Surviving the Holidays With Fibromyalgia
Have you noticed? The leaves have fallen from the trees. The flurries are beginning to drift from the sky and commercials are highlighting the season's must-have toys. The holidays are here.
Many people greet the holidays with a high dose of pessimism. This viewpoint can be triggered by negative past experiences, the way your fibromyalgia symptoms flare at this time of year, or a combination of the two.
What you may not realize is pessimism only breeds more pessimism. Waiting for bad things to happen only ensures that they will, as the good goes unnoticed.
Fibromyalgia adds pain and feelings of depression while taking away energy, motivation, and hope. The impact is both physical and mental. The holidays are typically a time of high stress as family functions, buying gifts and weather changes bring about social, financial and environmental stress.
The cold, dry weather can cause fibromyalgia flares, tighten joints and reduce the ability to exercise, as going for walks in the ice and snow may be hazardous.
It may feel like the odds are stacked against you and it would be easier to “hibernate” through the holiday season until the New Year. As appealing as this may be, it only represents an opportunity lost. Choose to move towards enjoying the holidays with fibromyalgia.
Tips for Coping During the Holidays With Fibromyalgia
The holidays can bring out depression, anxiety, and despair in some. Having fibromyalgia puts you at greater risk of these unwanted feelings.
Work to avoid these trends and find the positive aspects of the holiday season. Seeing the rest of the season through a more optimistic lens will make everything more desirable. Here’s how:
Reflect on the Year
Those who cannot remember the past are condemned to repeat it. Choose to learn from the last year by taking an objective inventory. Look at the previous 365 days. How were they? What are your regrets? What were your successes?

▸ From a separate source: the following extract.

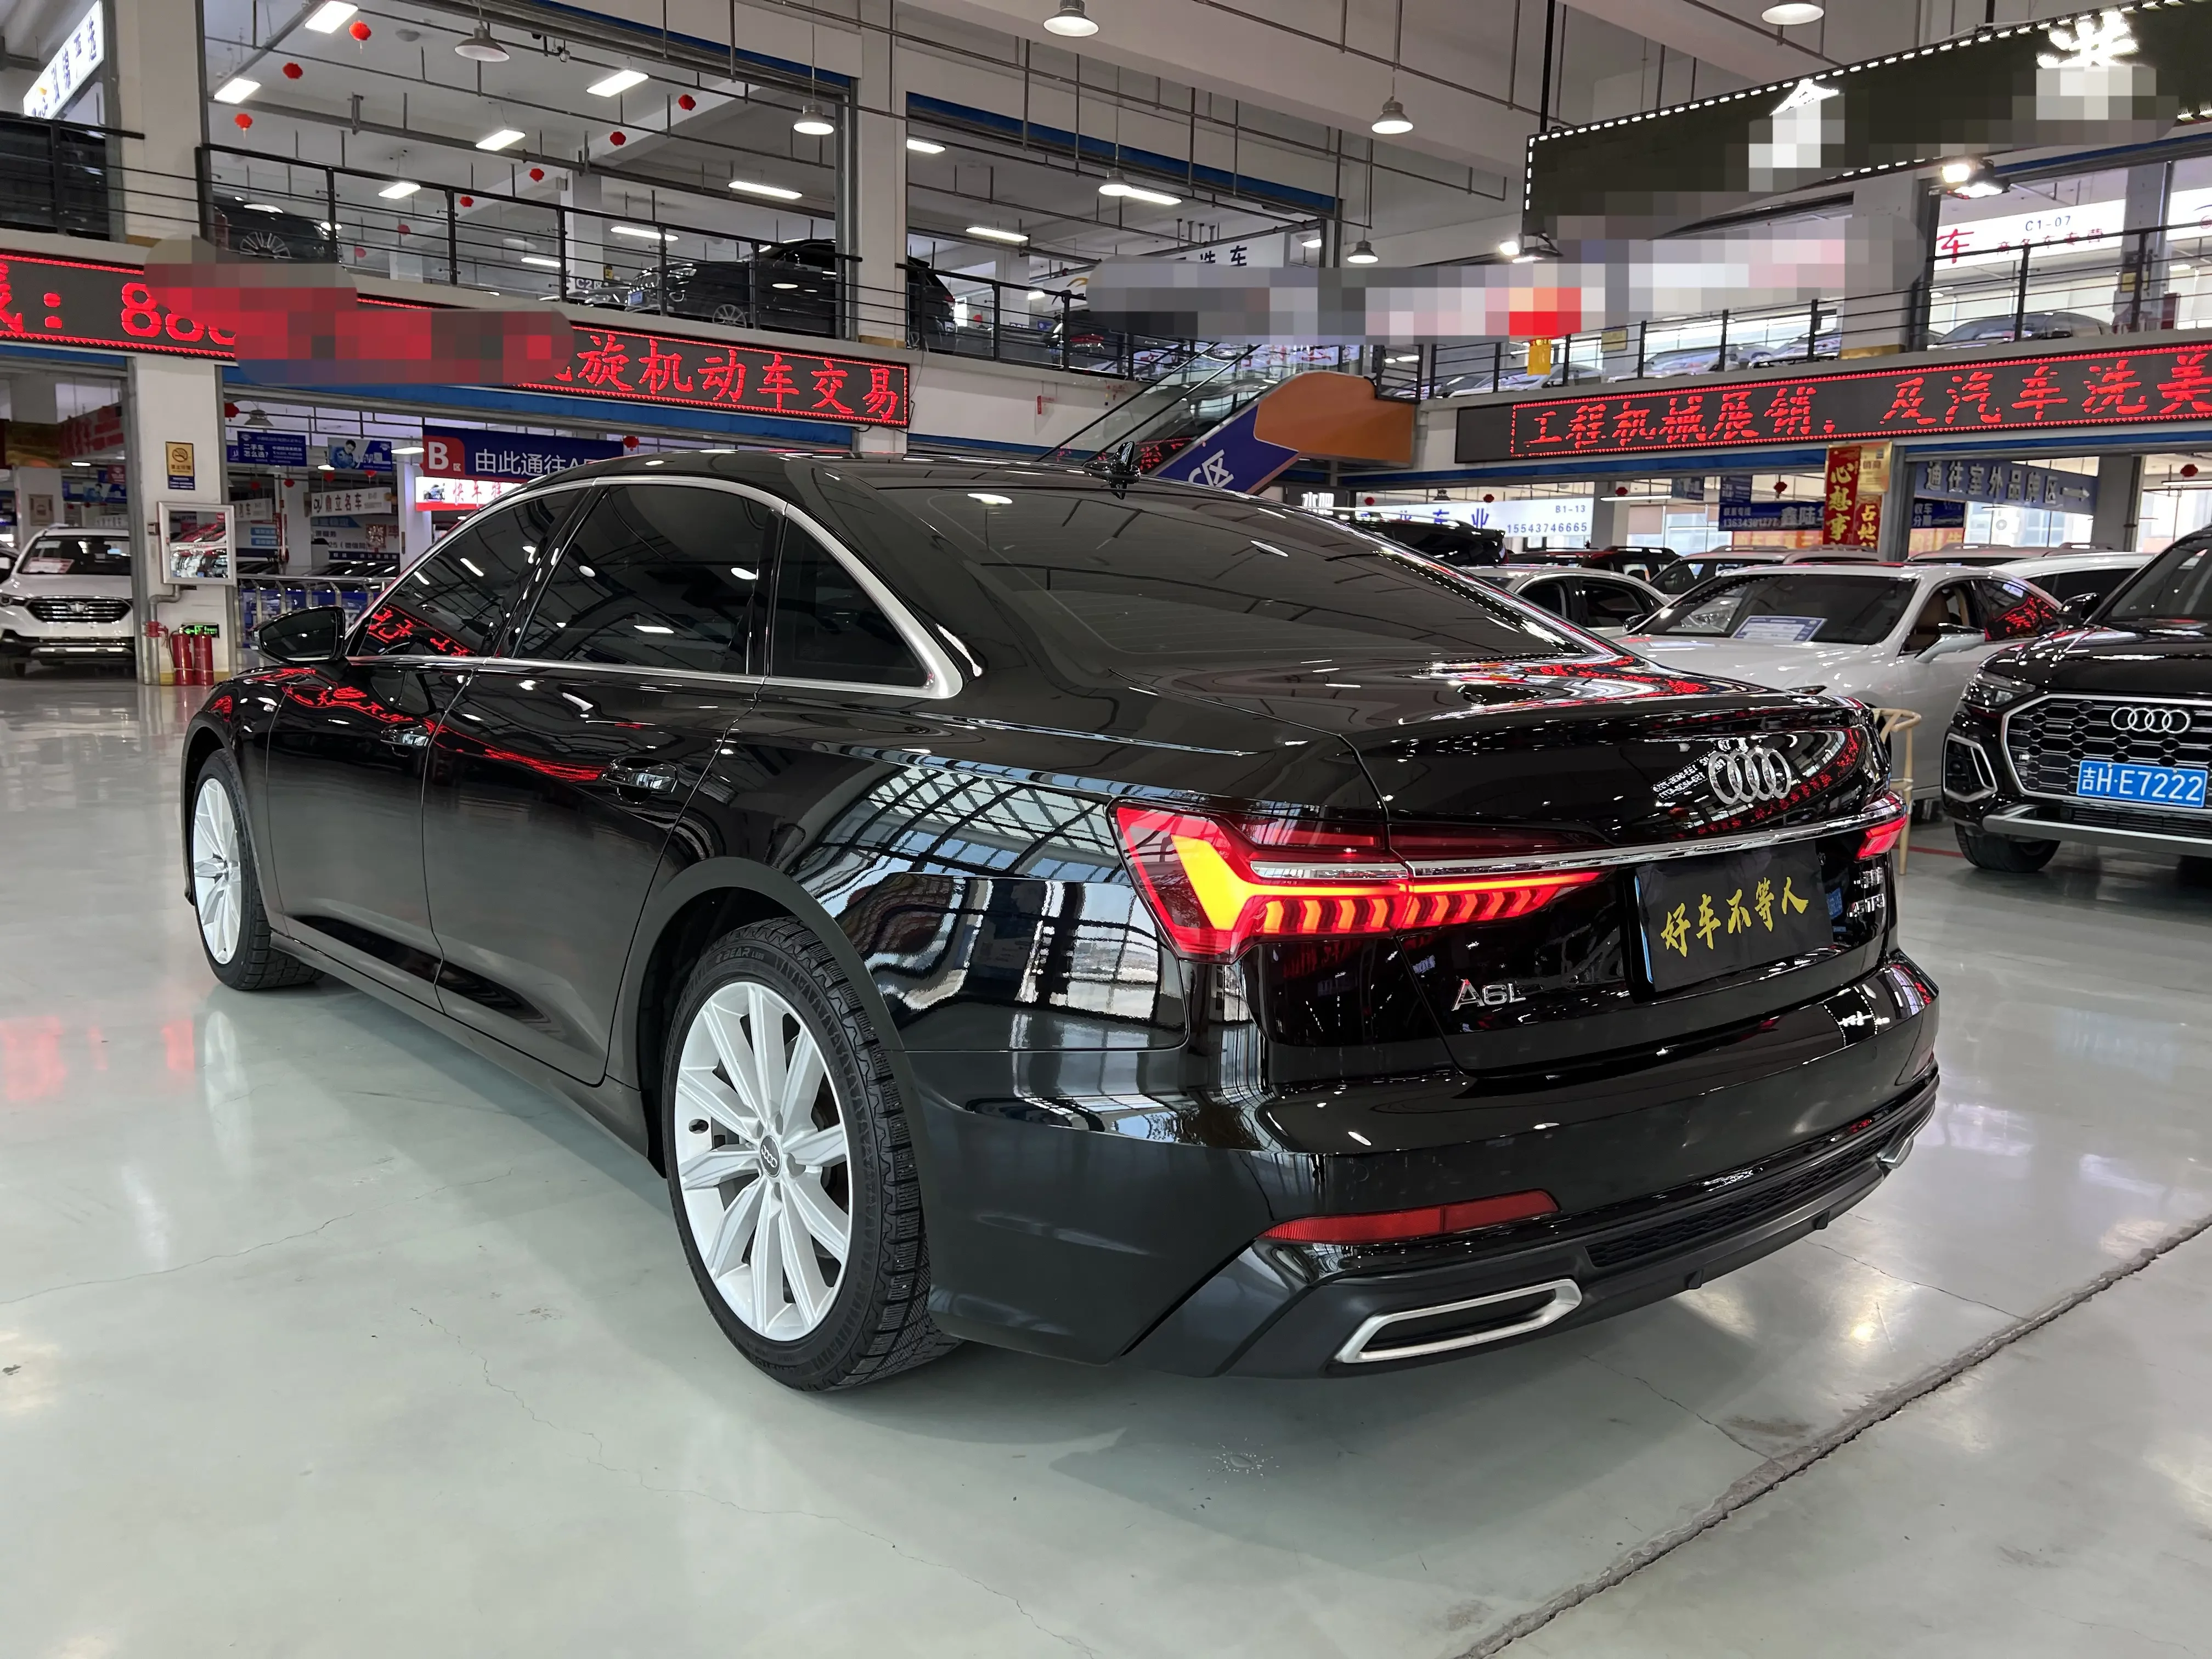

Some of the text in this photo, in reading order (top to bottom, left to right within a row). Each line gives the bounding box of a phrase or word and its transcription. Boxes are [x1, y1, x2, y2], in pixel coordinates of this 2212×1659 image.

Recall that depression distorts your perceptions so work to maintain objectivity. Find ways to repeat the good and to avoid bad to make next year as rewarding as possible.

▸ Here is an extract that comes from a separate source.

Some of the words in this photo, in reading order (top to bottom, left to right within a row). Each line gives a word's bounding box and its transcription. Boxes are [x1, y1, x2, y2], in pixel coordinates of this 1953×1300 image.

Too often people find themselves firmly planted in the quagmire of negativity. Make the conscious decision to find gratitude in your life. You already know the list of problems is long, but focusing more on the positives makes the negatives look smaller and less significant.
The more you focus on something, the larger it becomes. You have the power to control your focus.
Consider making a thankfulness wreath. In this project, you list what you are thankful for on individual construction paper leaves and pin those to a foam ring making a wreath. It is a representation of your gratitude that also makes a seasonal decoration.
Find Hope in the Future
Hope is one of the best defenses you have against physical and mental illness. If your physical symptoms are worse, look for hope in other areas. If mental symptoms are worse, look for hope in physical areas.
Fibromyalgia tries to convince you that you should give up, but hope exists if you are willing to turn over enough stones to find it.
Renew Your Faith
If you are feeling burned out from the shopping, food, and commercialism of the holidays, move to another path. This time of year is the best time to focus or refocus on your religious and spiritual beliefs.
If it has been a while, find another service, church or belief system that works well for you. Spirituality is not a one-size-fits-all solution, and luckily, there are so many variations available. With some work, you might be able to find the best fit for you.